Below is the 4th meaning and example sentence for the verb "tell", from Oxford Advanced Learner's Dictionary.

  1. [intransitive] (informal) to let somebody know a secret

e.g.) 'Who are you going out with tonight?' 'That would be telling!'(=it's a secret)

Is "telling" in bold a gerund, or just a present participle that forms a present-continuous form along with "be" in front of it?

  • It looks like an adjective.
    – user178049
    Aug 5 '17 at 14:38

You could interpret this as a conditional continuous conjugation of the verb "to tell." After all, you could conjugate this differently with the same meaning:

I'll never tell!

I think, however, that using "that" as the subject makes it problematic to do so. "That" is not a reasonable subject for an intransitive usage of "to tell." (That will never tell doesn't make sense.) Therefore, I'd say this sentence is "that" + linking verb + a gerund complement.

In other words, I would interpret this as a continuous form:

I would be telling!

But I would interpret this as a gerund complement:

That would be telling!

In short, that in this sentence is not doing the telling.
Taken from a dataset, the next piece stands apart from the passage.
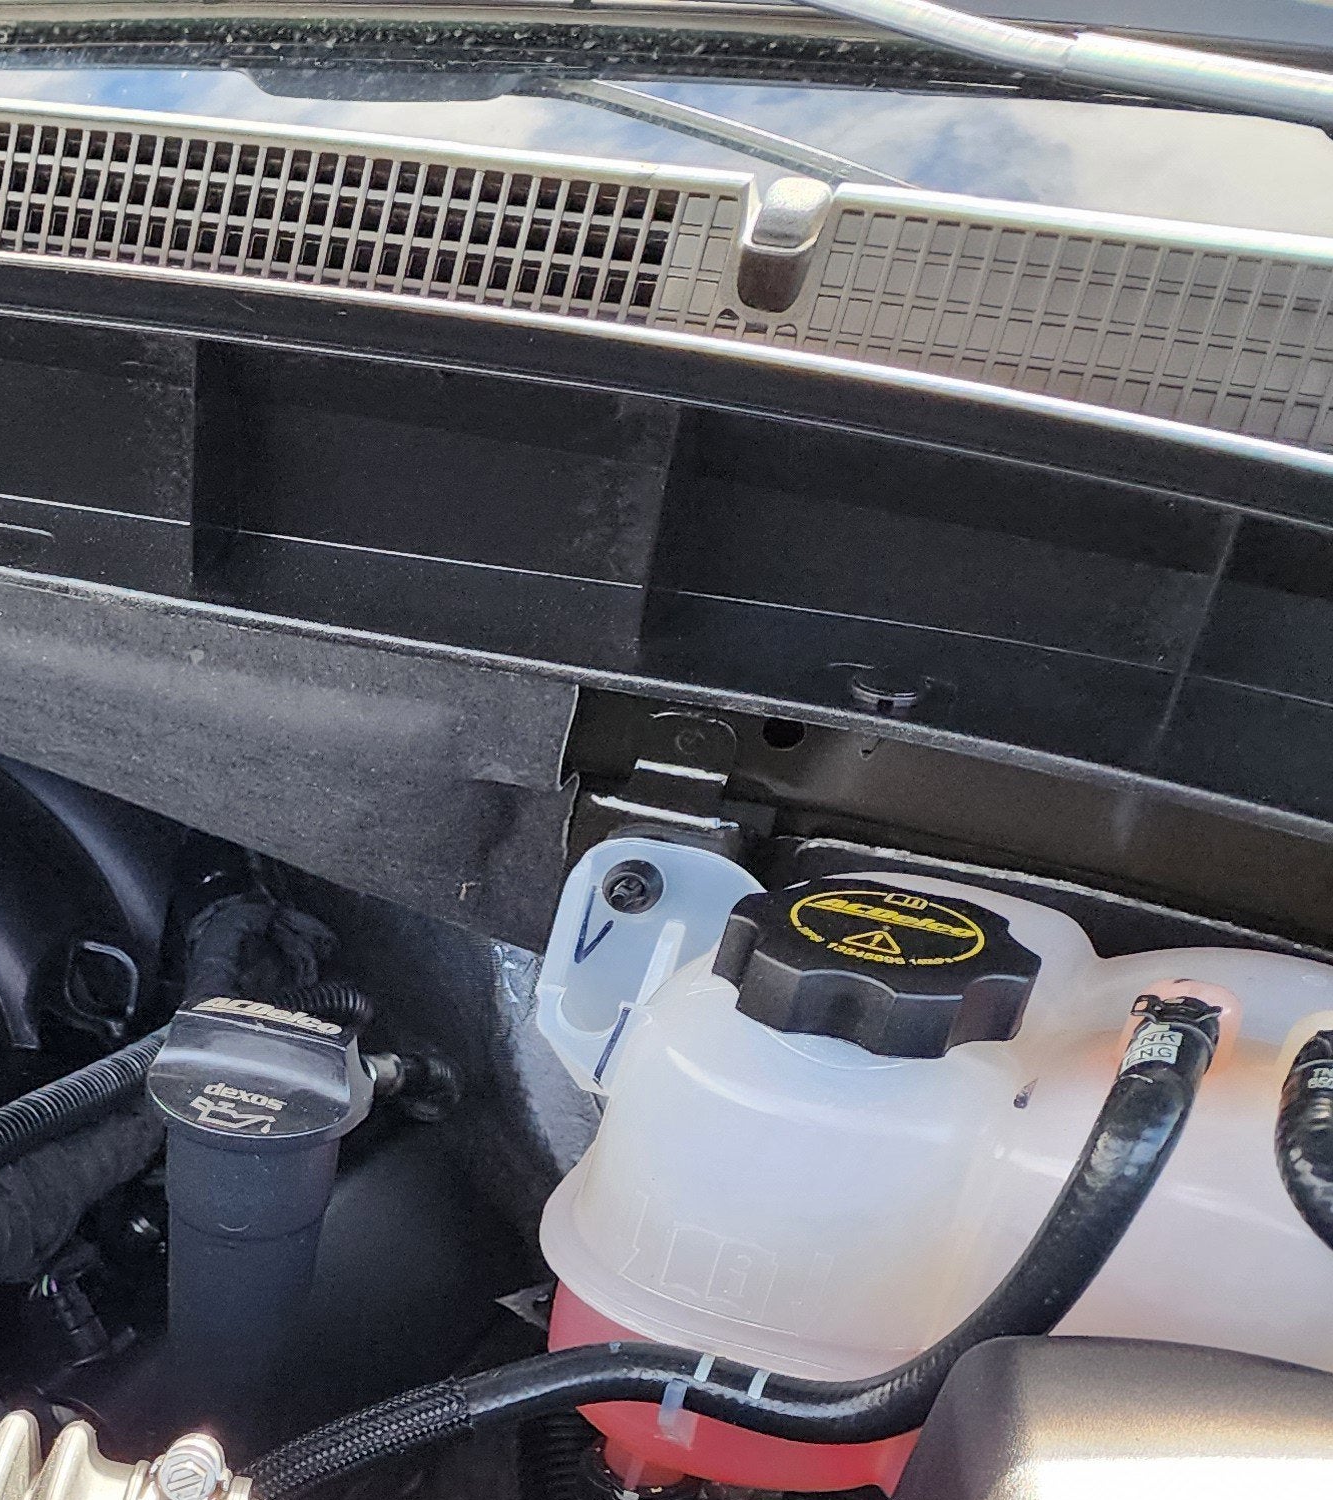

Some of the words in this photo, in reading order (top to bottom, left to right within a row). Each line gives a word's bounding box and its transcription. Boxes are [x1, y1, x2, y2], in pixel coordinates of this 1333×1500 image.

[804, 899, 977, 938] ACDelco
[192, 997, 342, 1036] ACDelco
[203, 1082, 288, 1111] dexos
It's referring to the speaker's telling.

  • Thank you for answering very much. Your answer makes sense. So I think, to interpret it to my own language, you're saying that "that" in the sentence is not the one who does telling but the action of "telling" itself and that "telling" in the sentence is a gerund. Have I correctly understood your idea? Feb 22 '18 at 19:50
  • @SmartHumanism Yes, I believe you have understood. More specifically, I would say "that" refers implicitly to an idea like "answering your question." So the sentence could be rephrased as "answering your question would be telling." Here, I would say that answering and telling are both gerunds and are complements. Feb 22 '18 at 20:11

Telling may be (and seems to be in your example) a noun meaning an act of narration or disclosing information. In that case, it can't be used without a determiner.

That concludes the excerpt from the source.